HONG KONG: Socialists run in elections

August 2, 2000
Issue 

HONG KONG — "Our election campaign is based on a transitional program aimed at gaining the attention of the working masses of Hong Kong", Leung Kwok-hung, candidate for the April 5 Action socialist organisation, explained to Green Left Weekly on July 24.

Leung is running for the Hong Kong Legislative Council, a complicated and undemocratic body which limits direct control by the people of Hong Kong and protects the power of the wealthy elite who continue to rule the ex-British colony despite its handover to Beijing in 1997.

Leung is well known here as "Long Hair", after numerous public protests over the years, most recently in the chamber of the council in May, which led to a two-week stint in jail for "disrupting the thoughts" of chief executive Tung Che-hwa.

Sporting a shorter haircut, thanks to the prison barber, Leung presented a colourful figure in his Che Guevara T-shirt, as he spruiked to passersby outside the railway station in the working-class suburb of Sheung Shui.

The electorate he is contesting is based on the New Territories area outside Hong Kong proper. There are 600,000 registered voters in an area populated by 1.5 million people. The election campaign is a huge task for a small organisation.

The main planks of April 5 Action's election platform include: the establishment of a system of unemployment benefits; the introduction of a livable minimum wage; the restoration of workers' right to collective bargaining; and the end of discrimination against union and political activists.

"The government is cutting back wages of public servants and slashing jobs in the public sector, as well as increasing casual and part-time employment.

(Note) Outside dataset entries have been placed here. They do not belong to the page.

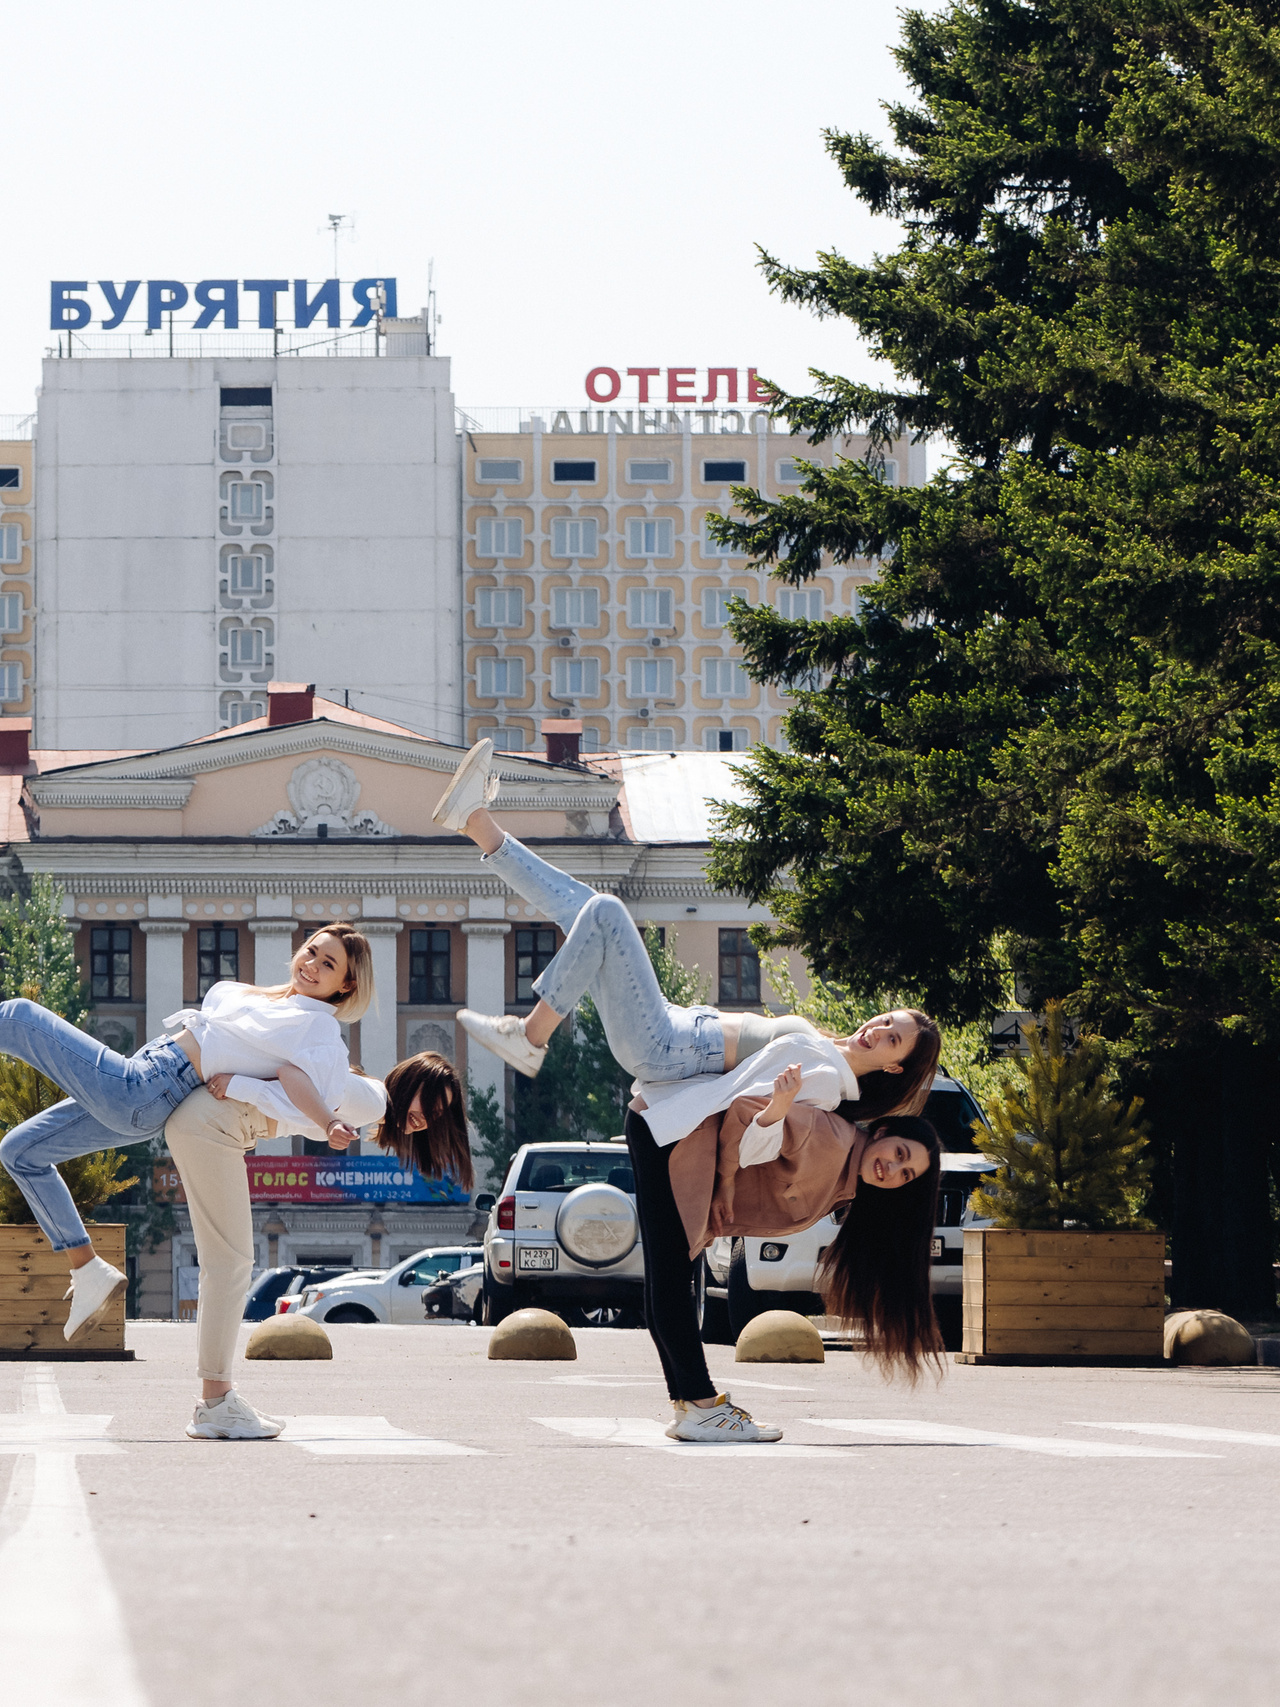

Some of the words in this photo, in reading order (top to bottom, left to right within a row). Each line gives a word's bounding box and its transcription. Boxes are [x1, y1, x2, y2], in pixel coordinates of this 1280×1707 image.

[50, 278, 398, 330] БУРЯТИЯ
[585, 366, 777, 403] ОТЕЛЬ
[160, 1173, 182, 1187] 15-
[254, 1172, 309, 1187] ГОЛОС
[315, 1171, 414, 1186] КОЧЕВНИКОВ
[373, 1190, 412, 1199] 21-32-24
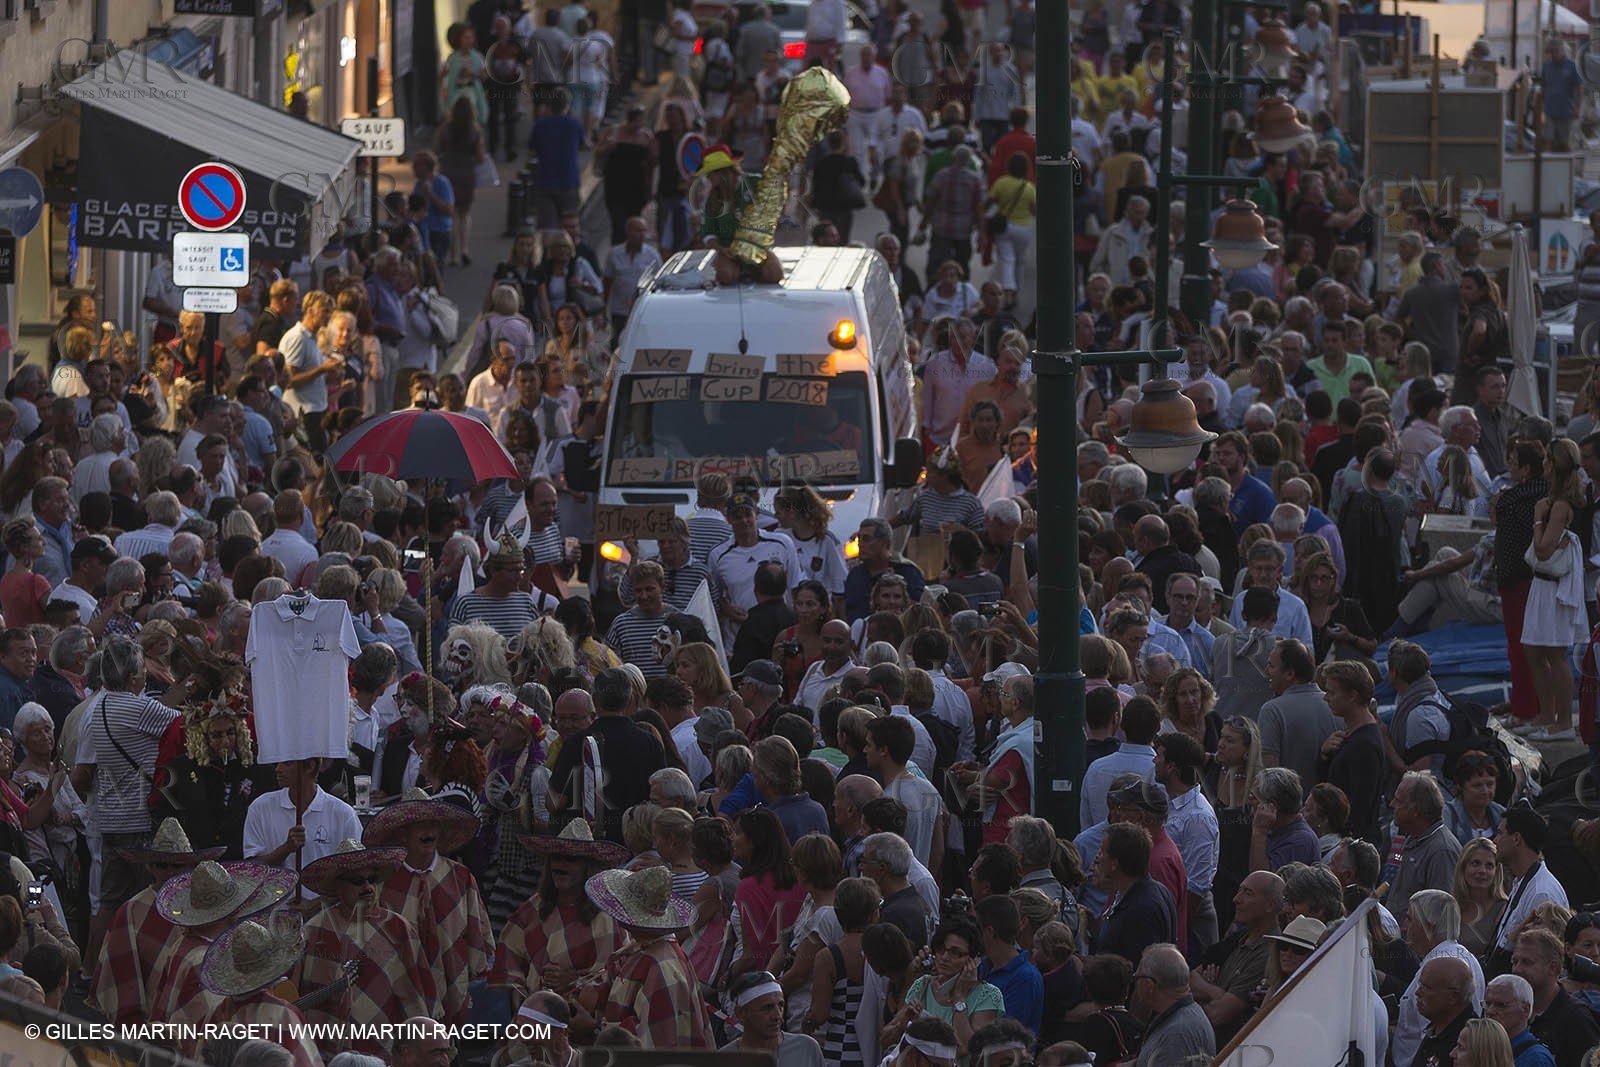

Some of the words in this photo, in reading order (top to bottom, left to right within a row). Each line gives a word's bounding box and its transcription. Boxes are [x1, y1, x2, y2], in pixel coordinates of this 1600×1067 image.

[353, 123, 392, 135] SAUF
[361, 139, 393, 151] AXIS
[643, 350, 681, 369] We
[708, 353, 760, 379] bring
[781, 354, 831, 375] the
[637, 378, 690, 401] World
[703, 379, 753, 400] Cup
[769, 378, 826, 405] 2018

We are calling for a comprehensive social security system and a tax on business speculation", Leung told Green Left Weekly.

April 5 Action also opposes privatisation of state enterprises throughout China, calls for an election for a Chinese people's congress based on a genuine universal franchise, and advocates an end to one-party control and for genuine socialist democracy based on the right to organise and freedom of speech. In Hong Kong, it is calling for a referendum on the system of government and the basic law that controls administration in the territory.